De regering erkent dat goede informatievoorziening nodig is om
debiteuren in staat te stellen op correcte wijze hun schuld af te lossen en
wil samen met de regeringen van de andere landen onderzoeken hoe de
informatievoorziening aan (oud-)studenten in het Caribische deel van het
Koninkrijk kan worden geoptimaliseerd.
De regering is van mening dat de Wet studiefinanciering 2000 een
haalbare aflossingsregeling bevat. Goede informatievoorziening moet er
voor zorgen dat de beschikbare instrumenten zoals de draagkrachtregeling ook in het Caribisch deel van het Koninkrijk gebruikt worden door
de debiteuren waarvoor deze bedoeld zijn.
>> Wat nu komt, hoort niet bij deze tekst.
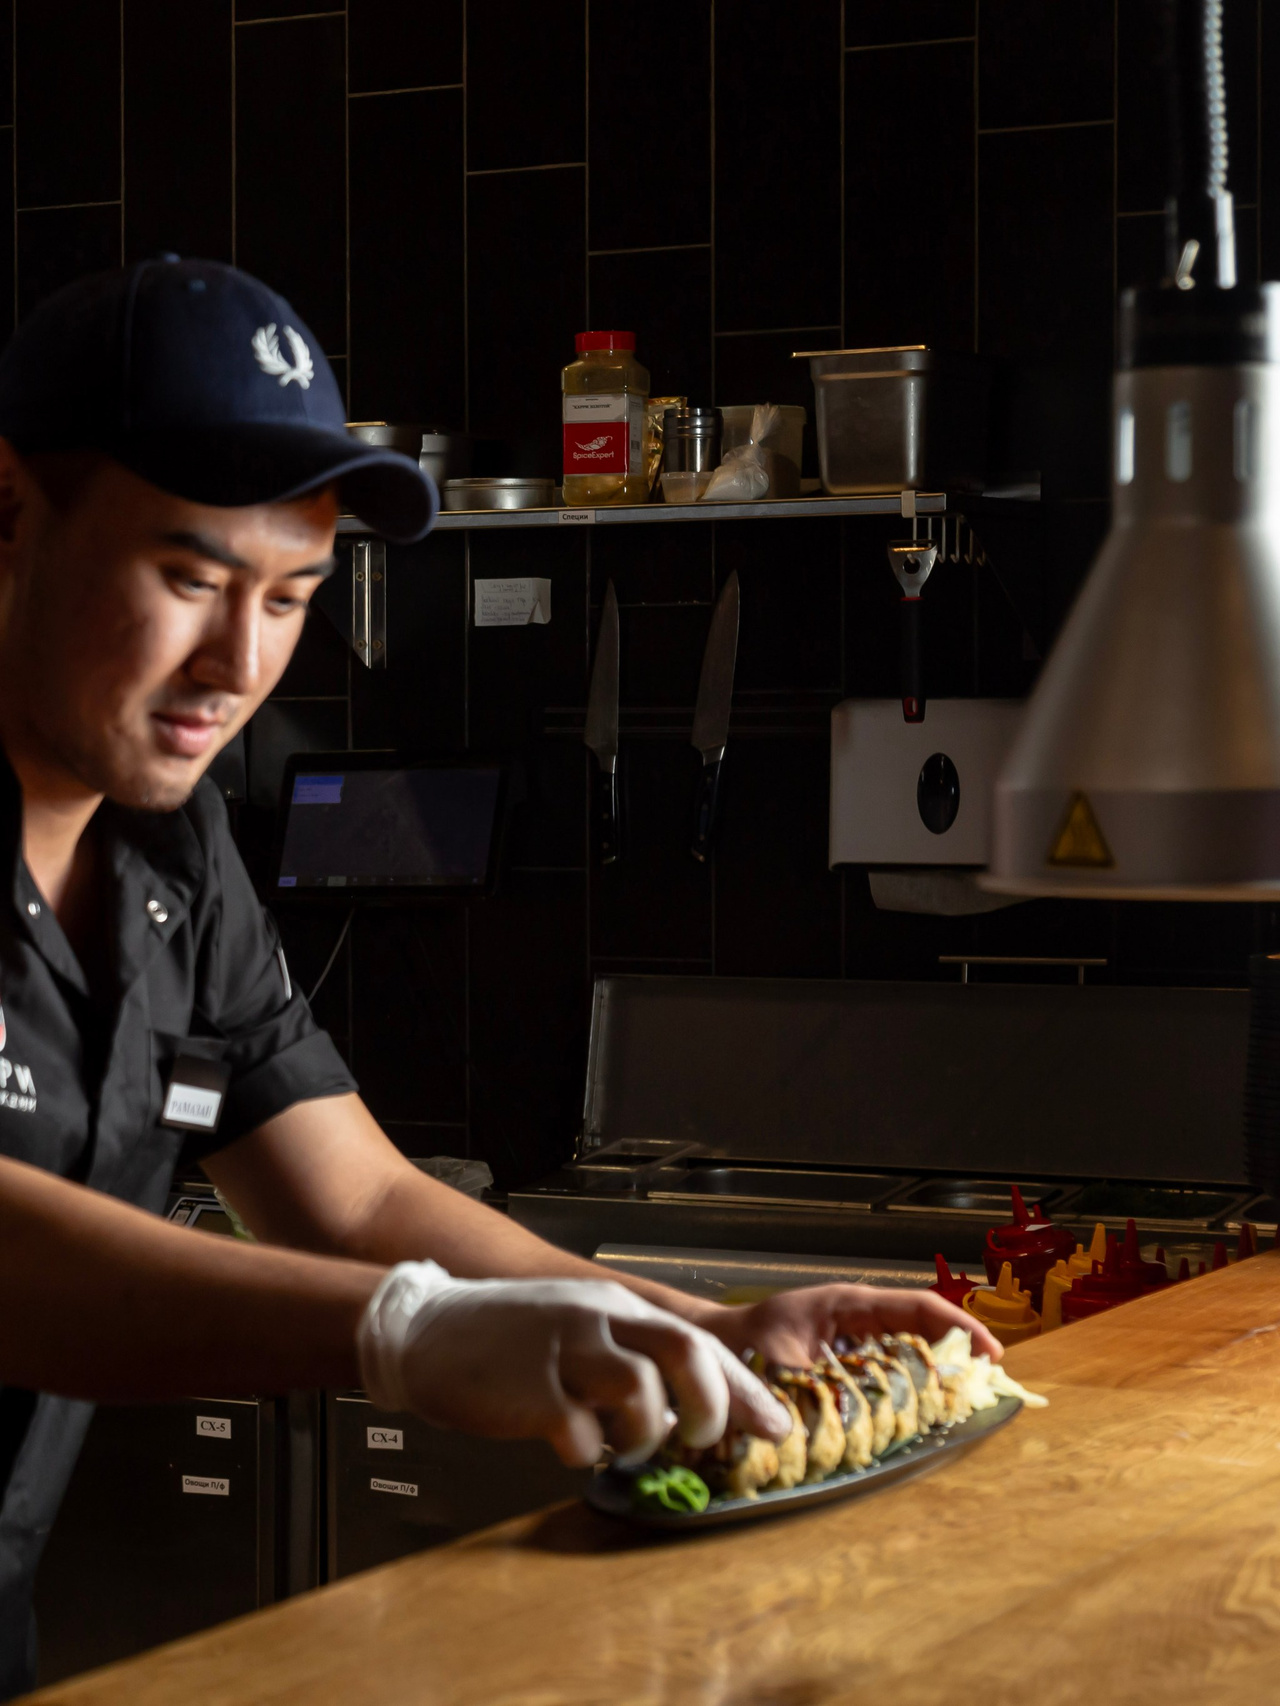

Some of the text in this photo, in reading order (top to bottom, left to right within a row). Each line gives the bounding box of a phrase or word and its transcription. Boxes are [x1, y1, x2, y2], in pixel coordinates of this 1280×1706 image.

[573, 451, 614, 460] SpiceExpert
[562, 513, 589, 521] Специи
[200, 1420, 226, 1432] СХ-5
[371, 1432, 398, 1443] СХ-4
[184, 1478, 209, 1488] Овощи
[372, 1480, 399, 1491] Овощи
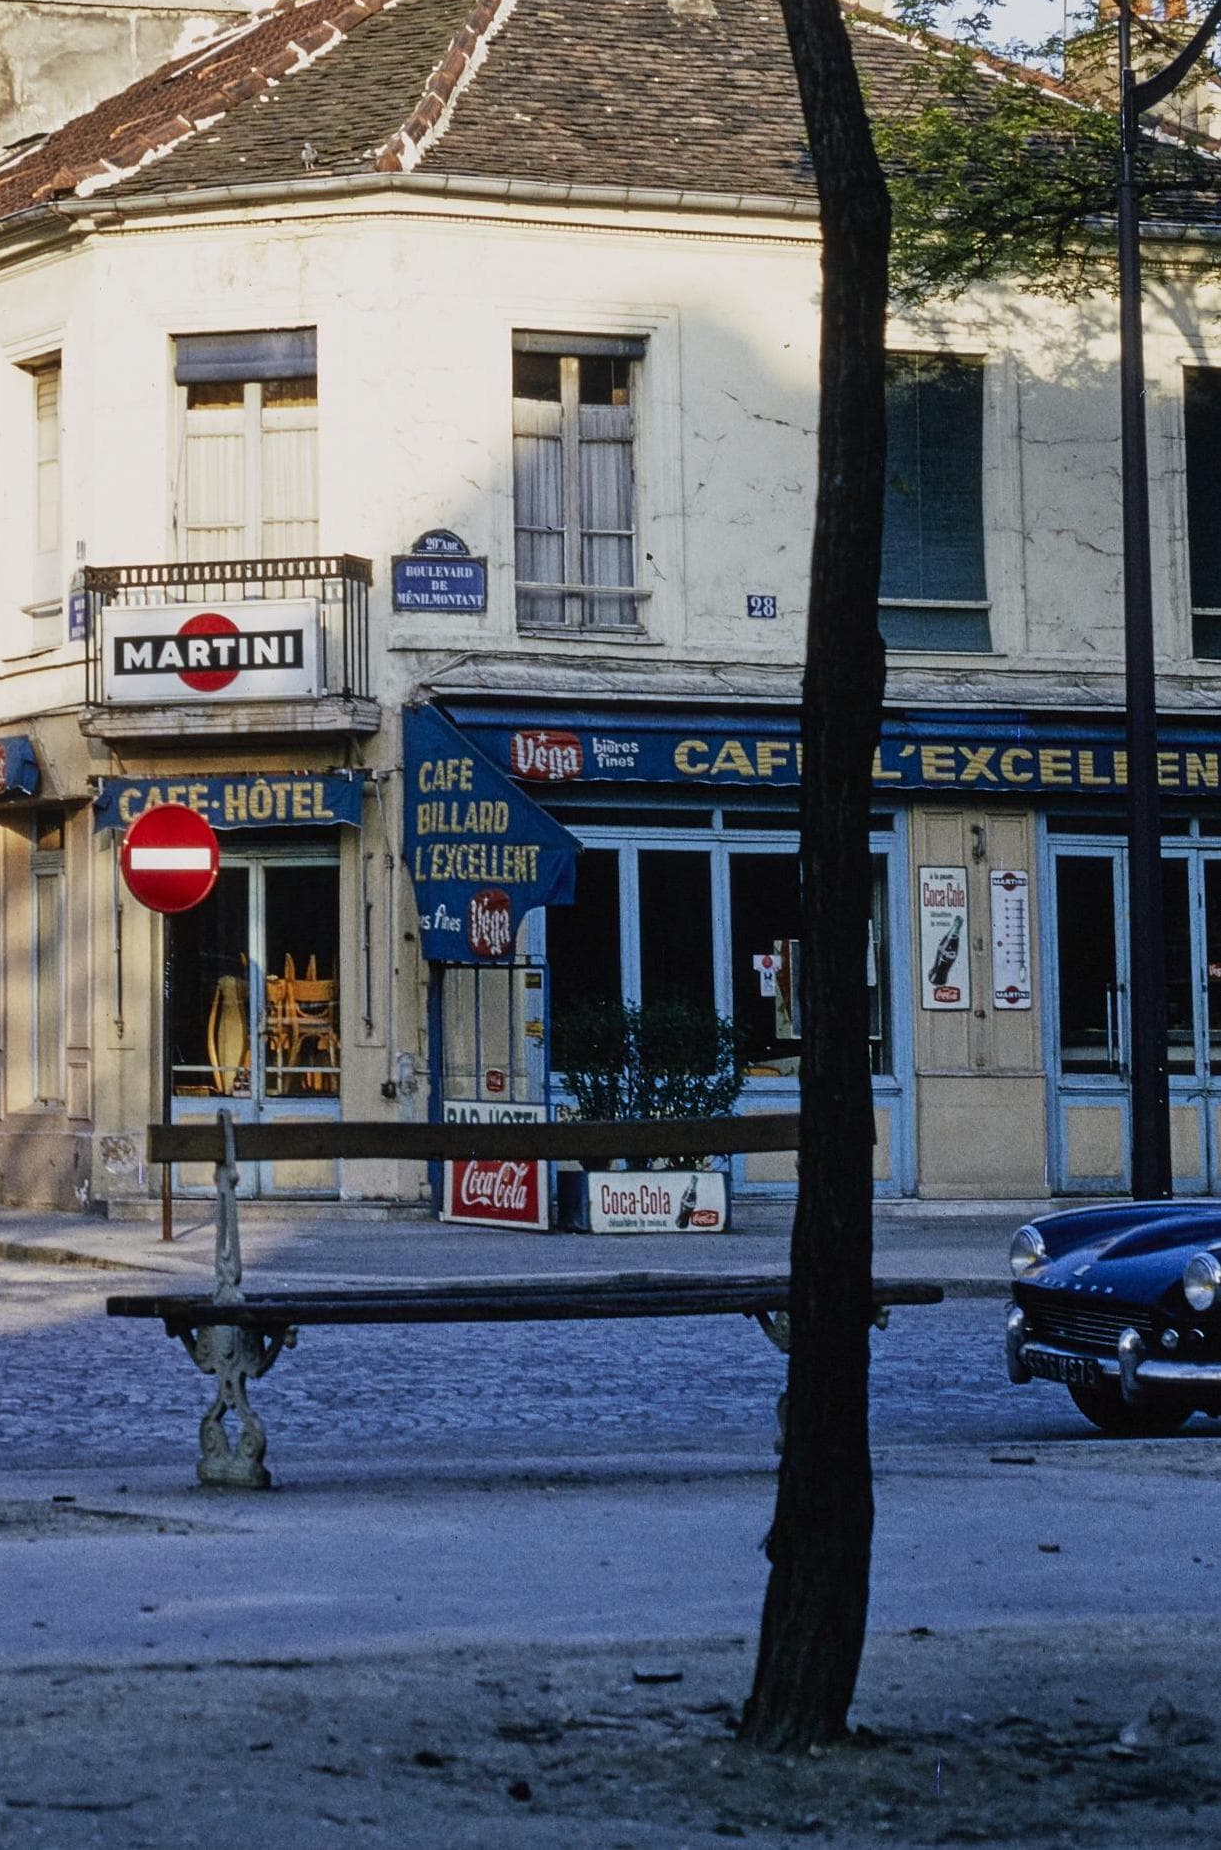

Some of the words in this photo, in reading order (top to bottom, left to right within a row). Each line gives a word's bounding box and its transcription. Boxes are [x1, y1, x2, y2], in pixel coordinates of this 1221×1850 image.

In het verleden is dat niet altijd optimaal gebeurd waardoor teveel
debiteuren betalingsachterstanden hebben opgelopen. Daarom wordt
binnenkort aan de op Curaçao woonachtige debiteuren met een achterstallige studieschuld eenmalig de gelegenheid geboden hun achterstallige
schuld naar draagkracht terug te betalen. Voorwaarde daarbij is dat zij de
terugbetaling van hun reguliere schuld voor een periode van drie jaar
pauzeren. Na die drie jaar wordt de eventuele restschuld weer toegevoegd
aan de reguliere schuld en lost de debiteur gedurende de resterende
terugbetaaltermijn naar draagkracht af. Op die manier hoeft geen van de
betrokken debiteuren meer dan het draagkrachtbedrag terug te betalen.
Deze betalingsregelingen zullen ook worden voorgesteld aan de
overheden van Aruba en Sint Maarten teneinde deze ook te kunnen
aanbieden aan de debiteuren met een betalingsachterstand die op een
van de andere eilanden in het Caribische deel van het Koninkrijk
woonachtig zijn.
De Minister van Binnenlandse Zaken en Koninkrijksrelaties,
R.H.A. Plasterk
3
Raadpleegbaar via www.tweedekamer.nl.